I think yesterday I was in the Word more than any other day. My therapist gave me a couple of verses to look up concerning how we will be held accountable for what we say and how what we say should build people up, not cut them down. Really helps when thinking about the Aunt, how I should hold my tongue if I have anything disparaging to say about my MIL, so no commiserating with her on it. And how I will not go along if asked to not mention anything to the Aunt, like family get-togethers. Things like that put me in the middle and are not going to fly. My family used to put me in positions like that all of the time and I won't stand for it any more! I want to be honest and truthful as I can be.
I did okay on food yesterday at lunch. I knew I was going to have shrimp tacos and they are actually a pretty healthy treat. I get them 'fiesta style' which means it comes with jalapenos and pineapple and a few other fresh ingredients on it, which tastes Amazing. I talked to DH about how much I really liked being able to have that time to depressurize from my therapy appointment and time to let it all sink in and journal and such and asked if I could do so after every appointment and he said yes! It does not have to be such a meal every time (the place is not cheap, you pay for all those fresh ingredients) but something like Panera or Atlanta Bread Co., something healthy and cheap
0730 apple and 2 tbsp peanut butter
1730 stir fry
I'm still trying to get my body used to eating breakfast. Right now my body freaks out and does one of two things. It either thinks this means we should shut down and be super tired or that I should feel super hungry and eat more. I don't know why it does this, but I'll be happy when it is finally used to breakfast! Rethinking what I eat. I bought a couple of boxes of cheap cereal bars and wish I had not. I think I'll let the girls eat them. Granola bars are one thing, cereal bars, unless they are oatmeal, are too sweet. My sweet tooth can't handle sweet right now, it goes into overdrive. Eat all the sweets! So I'm trying to stay away from sweets so that I won't crave them as much.
I drove right past the turn for Burger King yesterday. I thought, after my mammogram, I needed a treat and I'd go get some onion rings. But I drove right past. Not a huge feat, but rather big for me. I'm huge on treats after appointments. I drove past the gas stations and the fast food joints and though I was sorely tempted, I kept on driving.

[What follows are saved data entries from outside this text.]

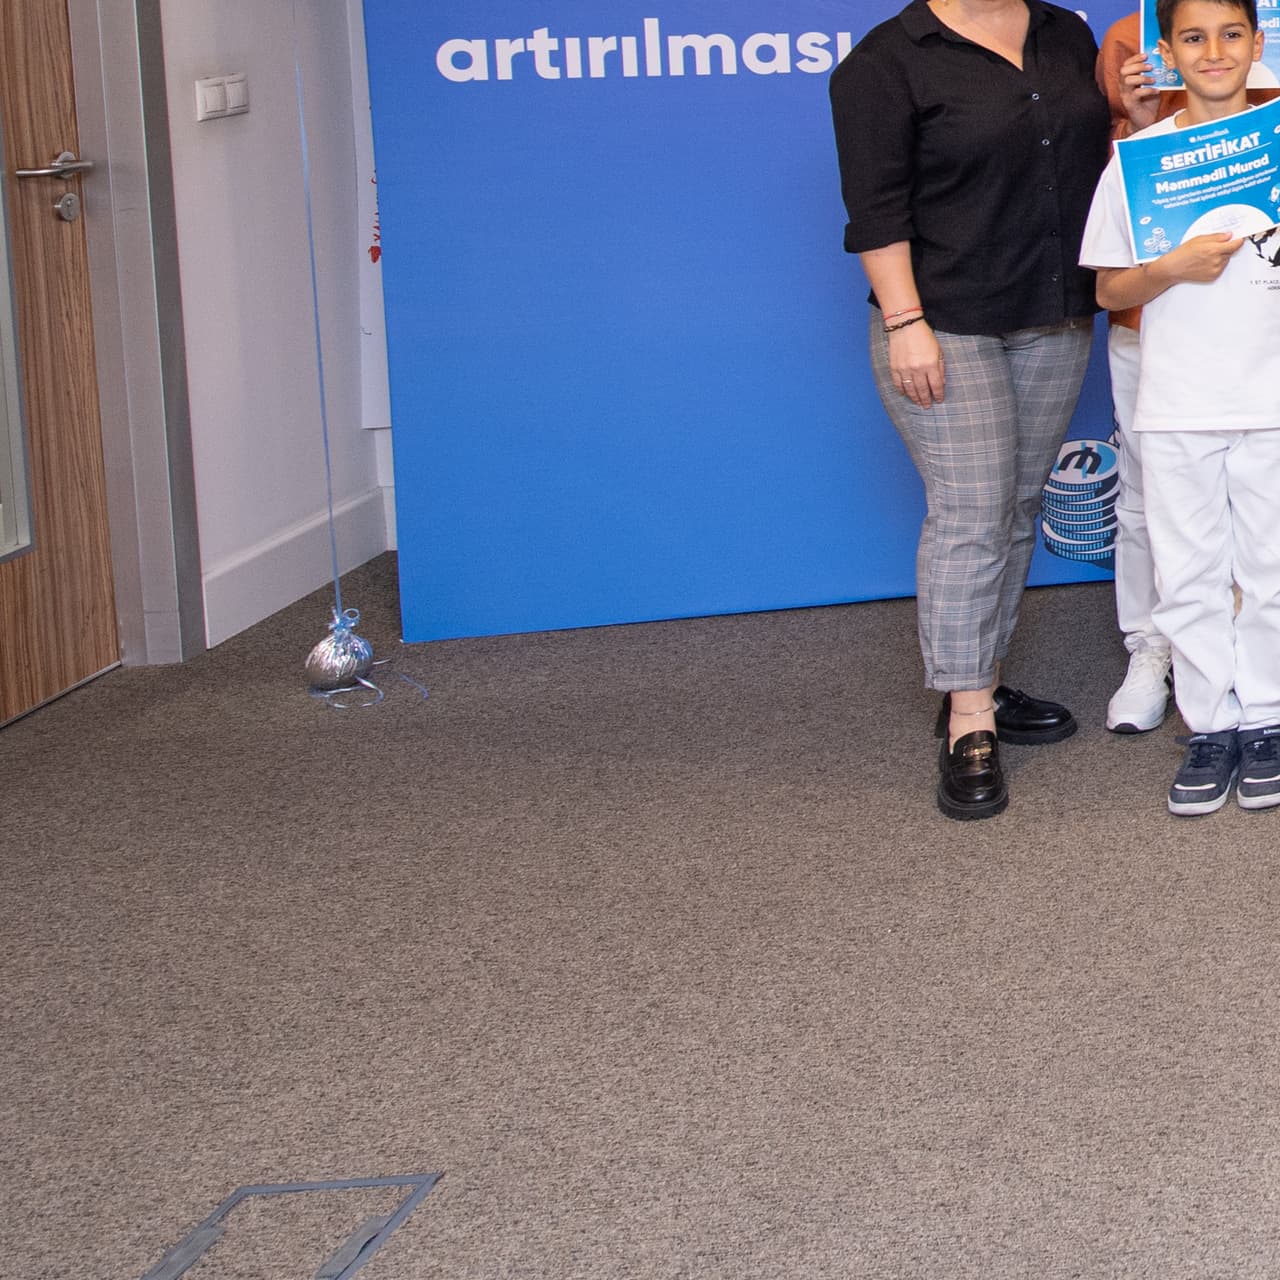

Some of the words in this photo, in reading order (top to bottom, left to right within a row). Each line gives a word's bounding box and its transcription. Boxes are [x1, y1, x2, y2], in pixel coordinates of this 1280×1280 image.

[436, 18, 851, 82] artırılması
[1160, 132, 1261, 170] SERTİFİKAT
[1155, 165, 1228, 194] Məmmədli
[1229, 153, 1270, 178] Murad
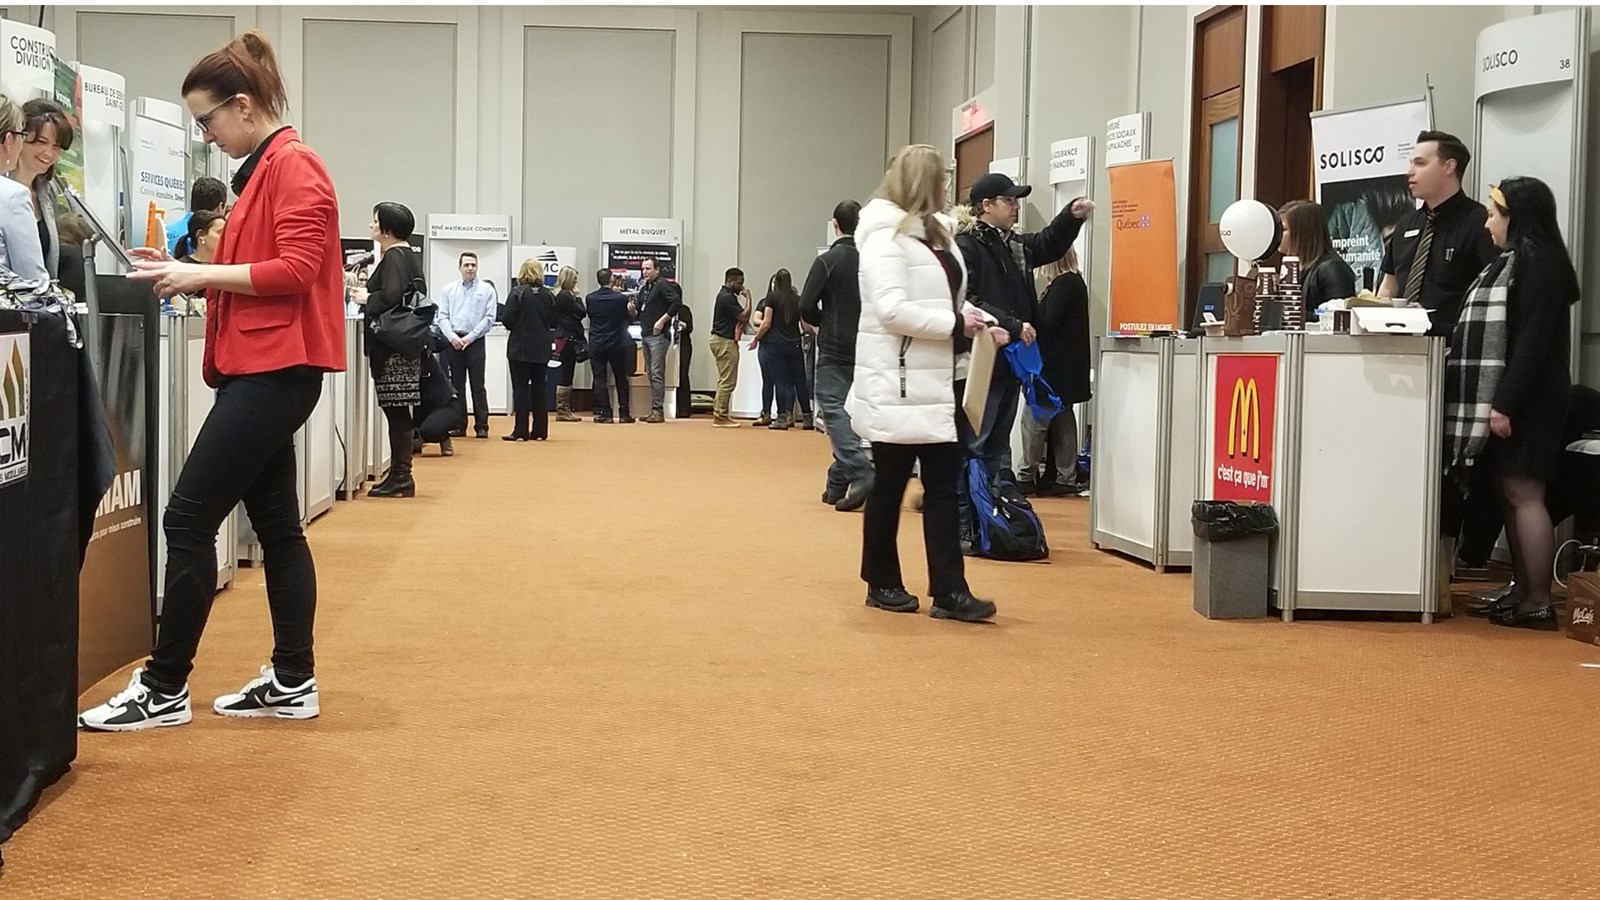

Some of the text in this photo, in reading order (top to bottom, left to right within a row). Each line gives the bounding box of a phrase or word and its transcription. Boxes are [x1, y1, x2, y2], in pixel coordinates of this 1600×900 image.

[1483, 49, 1518, 72] SOLISCO
[1559, 58, 1571, 70] 38
[85, 82, 108, 96] BUREAU
[1319, 145, 1385, 170] SOLISCO
[140, 171, 164, 187] SERVICES
[1116, 218, 1140, 231] Québec
[641, 228, 666, 236] DUQUET
[1119, 322, 1147, 331] POSTULEZ
[1217, 464, 1233, 482] c'est
[1234, 469, 1242, 487] ça
[1243, 472, 1256, 488] que
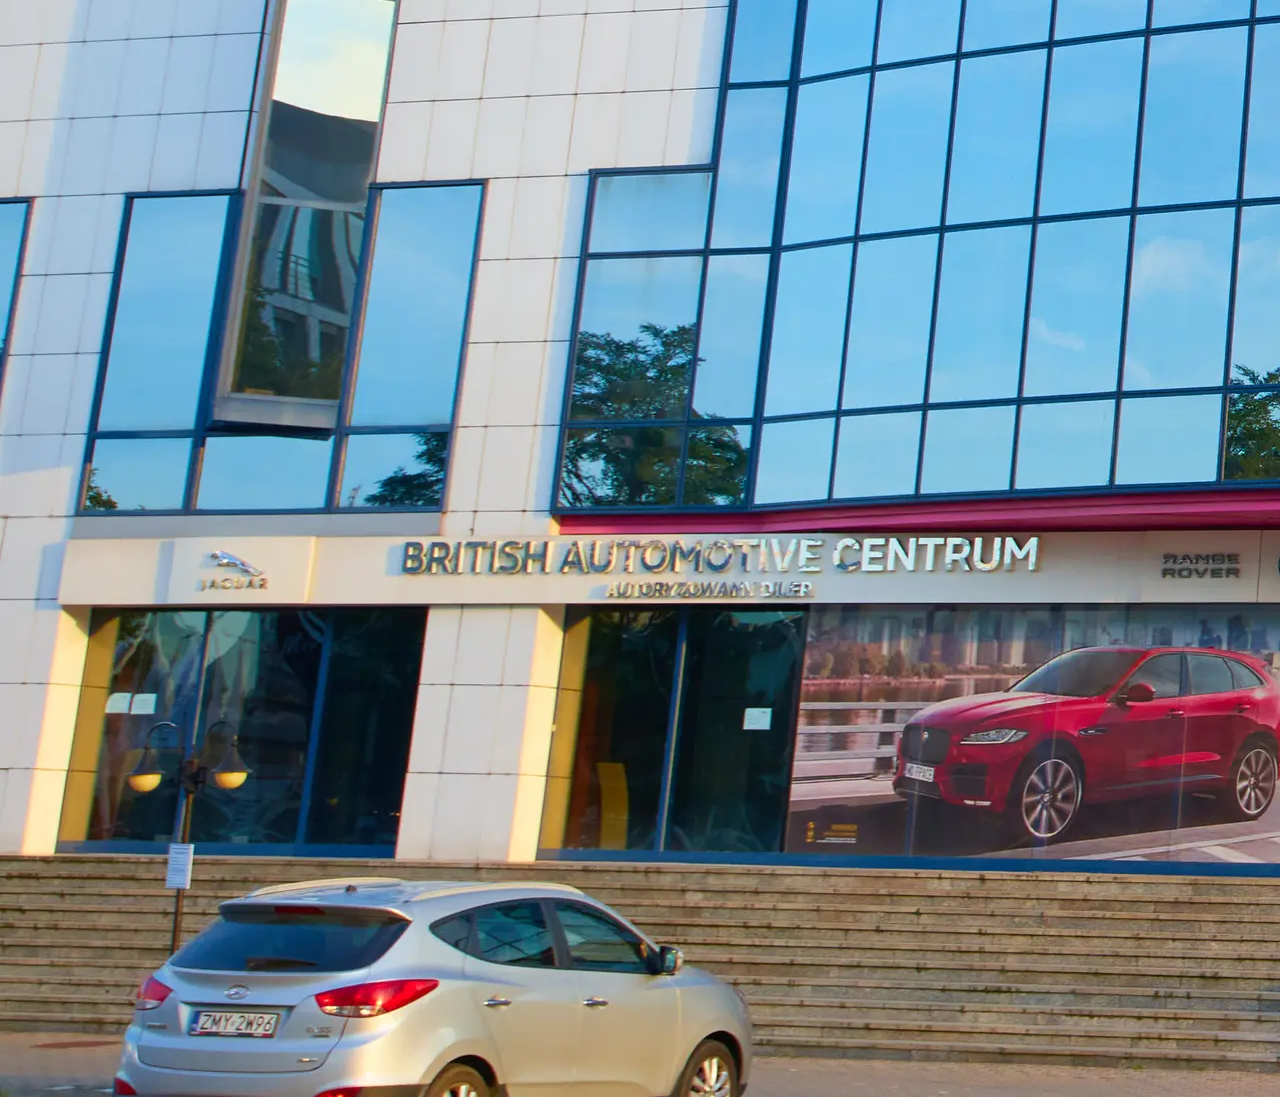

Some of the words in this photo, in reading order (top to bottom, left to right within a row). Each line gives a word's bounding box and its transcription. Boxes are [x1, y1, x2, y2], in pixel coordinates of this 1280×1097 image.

[402, 540, 551, 574] BRITISH
[559, 537, 824, 574] AUTOMOTIVE
[832, 536, 1039, 573] CENTRUM
[1162, 553, 1240, 565] RANGE
[1162, 567, 1241, 579] ROVER
[200, 577, 269, 592] JAGUAR
[760, 581, 814, 599] DILER

Then when I got home and started reading my new book I was lead to this passage, 1 Corinthians 10:13
"No temptation has overtaken you that is not common to man. God is faithful, and he will not let you be tempted beyond your ability, but with the temptation he will also provide the way of escape, that you may be able to endure it."
All this time I've been lamenting how I keep giving in to temptation and sabotaging myself and the answer is right there. I can overcome these temptations. I can do all things through Christ who strengthens me (Philippians 4:13) It will still be just as hard, but now I go into it knowing full well I can overcome it. It is not beyond my ability.
I'm going so slowly the snails are passing me! But I'm not standing still any more! (or going backwards) Slow is okay. It's not what I had in mind, but we can't always get what we want! Keep moving forward!